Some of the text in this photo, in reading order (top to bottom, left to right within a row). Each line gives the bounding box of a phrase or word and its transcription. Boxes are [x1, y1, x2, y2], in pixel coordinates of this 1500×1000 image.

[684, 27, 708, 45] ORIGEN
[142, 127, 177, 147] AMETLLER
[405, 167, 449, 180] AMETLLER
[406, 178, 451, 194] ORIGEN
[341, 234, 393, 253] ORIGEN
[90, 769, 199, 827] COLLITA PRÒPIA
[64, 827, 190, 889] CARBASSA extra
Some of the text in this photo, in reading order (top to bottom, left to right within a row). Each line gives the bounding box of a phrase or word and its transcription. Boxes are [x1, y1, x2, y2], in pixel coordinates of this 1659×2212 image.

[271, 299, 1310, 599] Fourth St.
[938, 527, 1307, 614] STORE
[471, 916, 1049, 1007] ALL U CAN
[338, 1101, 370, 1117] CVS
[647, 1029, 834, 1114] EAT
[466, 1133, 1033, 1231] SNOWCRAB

============

DIRECTIONS —
Top to bottom, transcribe every line above exactly.

PROBLEM SOLUTION —
Some of the text in this photo, in reading order (top to bottom, left to right within a row). Each line gives the bounding box of a phrase or word and its transcription. Boxes are [x1, y1, x2, y2], in pixel coordinates of this 1500×1000 image.

[684, 27, 708, 45] ORIGEN
[142, 127, 177, 147] AMETLLER
[405, 167, 449, 180] AMETLLER
[406, 178, 451, 194] ORIGEN
[341, 234, 393, 253] ORIGEN
[90, 769, 199, 827] COLLITA PRÒPIA
[64, 827, 190, 889] CARBASSA extra
Some of the text in this photo, in reading order (top to bottom, left to right within a row). Each line gives the bounding box of a phrase or word and its transcription. Boxes are [x1, y1, x2, y2], in pixel coordinates of this 1659×2212 image.

[271, 299, 1310, 599] Fourth St.
[938, 527, 1307, 614] STORE
[471, 916, 1049, 1007] ALL U CAN
[338, 1101, 370, 1117] CVS
[647, 1029, 834, 1114] EAT
[466, 1133, 1033, 1231] SNOWCRAB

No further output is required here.